An expulsion hearing was set for March 13,1980, pursuant to sec. 120.13(1) (c), Stats. The procedural mandates of the statute were apparently followed, as it is only the admission of hearsay testimony presented at the hearing to prove the ring itself was stolen or missing that is challenged on appeal. At the hearing, Mr. Johnson, the Director for Pupil Personnel, gave an outline of the events of March 3, much of which was hearsay. His outline of the events was corroborated, in large part, however, by the testimony given by Mr. Christiansen and two other staff members. Testimony was also given by the accused student and his mother. Only the student
whose ring was stolen did not testify. It is this last discrepancy that forms the crux of the issue on appeal.
The board ultimately ordered expulsion. The student appealed to the state superintendent, pursuant to sec. 120.13(1) (c), Stats., who reversed the expulsion on the ground that there was no competent evidence in the record to support the expulsion. That decision was itself appealed to the circuit court, which reversed the state superintendent, holding that the state superintendent’s hearsay ruling was erroneous, primarily because a school board could not compel the attendance of witnesses. While we affirm the circuit court’s judgment, we do so on due process grounds and not on the basis of the board’s lack of subpoena power. We conclude that the board has subpoena power.
First, we must address the question of mootness, since the student in question has long since been reinstated and has already graduated from high school. Though, as a general rule, appellate courts will not entertain moot questions, they will do so if it is of great public importance.
State ex rel. Waldeck v. Goedken,
84 Wis. 2d 408, 413, 267 N.W.2d 362, 363 (1978). Clearly, the questions of what measure of due process is required at an expulsion hearing and what powers of review the state superintendent has on appeal are of significant statewide importance and merit attention. We will, therefore, reach the merits of the controversy.
Thompson’s primary contention is that the Racine school district could not rely on hearsay evidence in an
expulsion hearing. We disagree and accordingly affirm the judgment of the circuit court.
This particular question of the use of hearsay in school expulsion hearings is of first impression in Wisconsin. Moreover, a review of other jurisdictions demonstrates that the law is unsettled.
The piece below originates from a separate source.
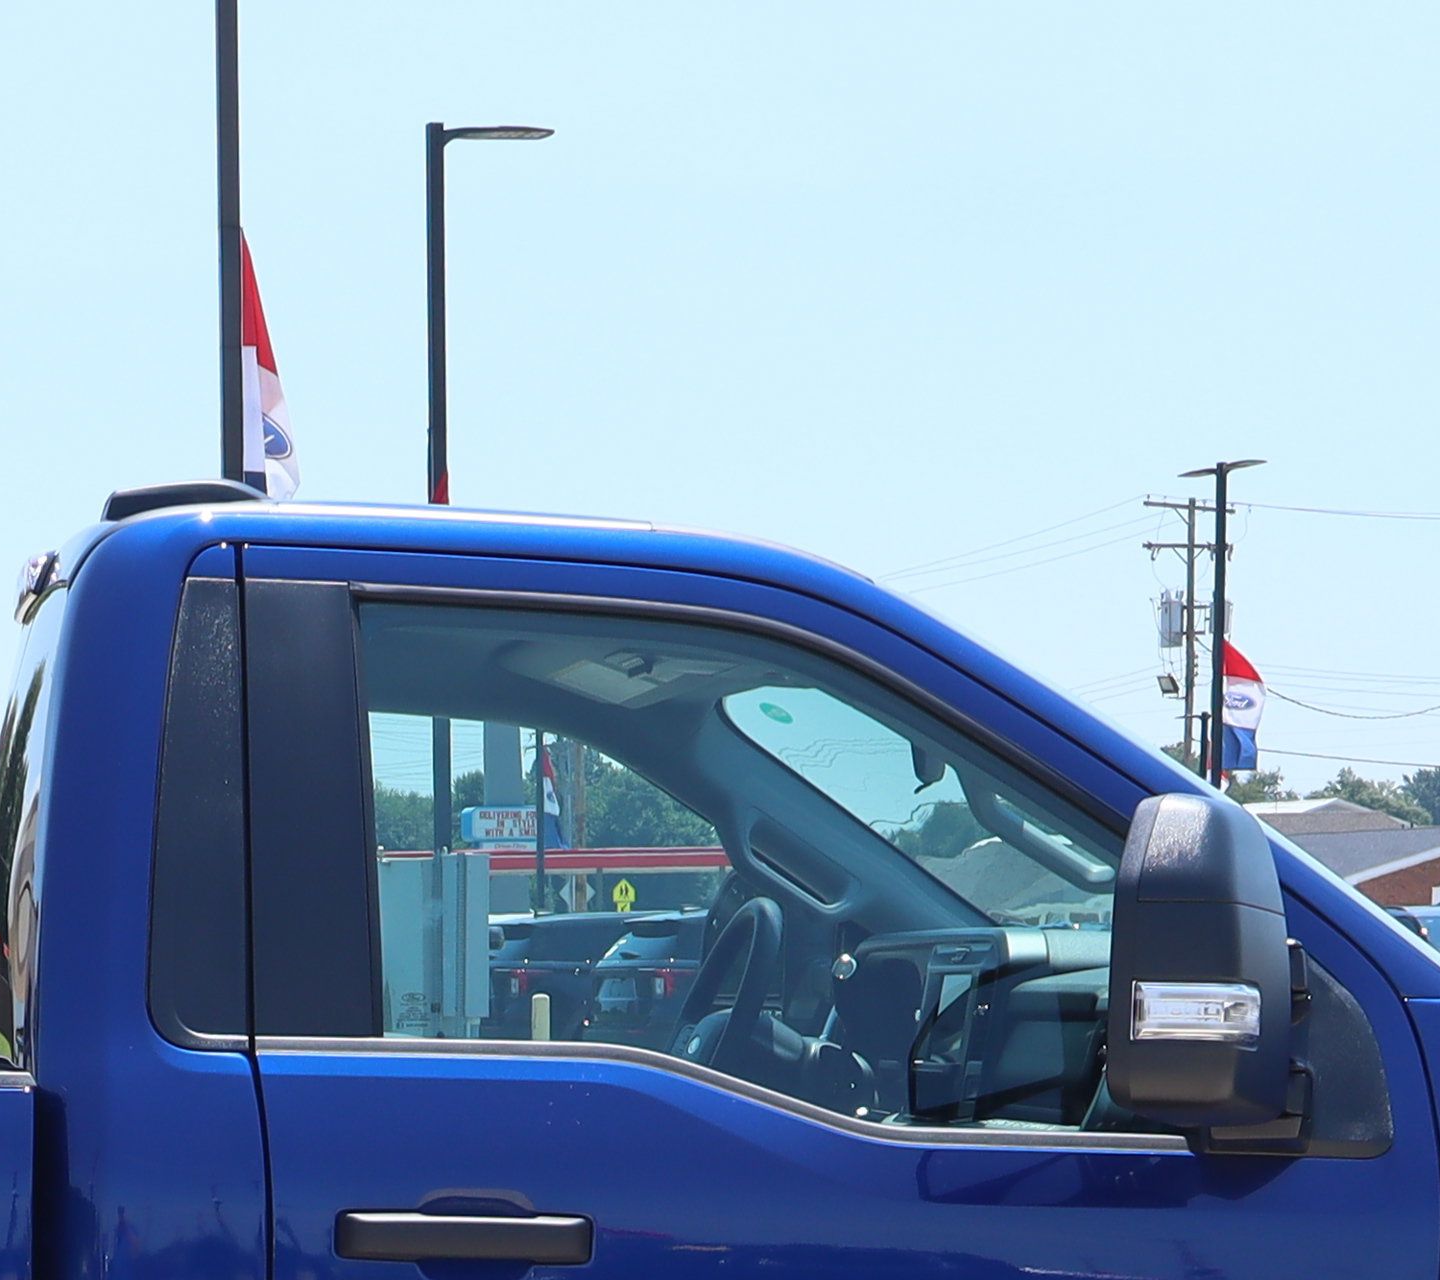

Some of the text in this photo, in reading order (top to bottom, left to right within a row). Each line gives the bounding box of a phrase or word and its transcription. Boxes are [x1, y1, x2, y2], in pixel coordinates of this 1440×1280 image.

We begin with the United States Supreme Court’s discussion of due process in school disciplinary hearings from
Goss v. Lopez,
419 U.S. 565 (1975). The
Goss
case involved a short-term suspension ordered by a school principal without a hearing, pursuant to Ohio Rev. Code Ann. § 3313.66 (1972). The Court affirmed the lower court’s holding that due process had been denied the suspended students in that they had been denied a hearing.
While
Goss
is distinguishable on its facts, it is valuable in that it suggests, in
dicta,
what process is due in cases similar to the one at bar. First, the Court reiterated the principle that, as long as a property deprivation is not
de minimis,
due process, in some form, must be accorded.
Goss,
419 U.S. at 575-76. Since the Court in
Goss
found due process to attach in a short-term suspension, there can be no question but that it attaches here,
a fortiori.
“Once it is determined that due process applies, the question remains what process is due.”
Goss,
419 U.S. at 577, quoting
Morrissey v. Brewer,
408 U.S. 471, 481 (1972).
The Court concluded by stating:
We stop short of construing the Due Process Clause to require, countrywide, that hearings in connection with short suspensions must afford the student the opportunity to secure counsel, to confront and cross-examine witnesses supporting the charge, or to call his own witnesses to verify his version of the incident.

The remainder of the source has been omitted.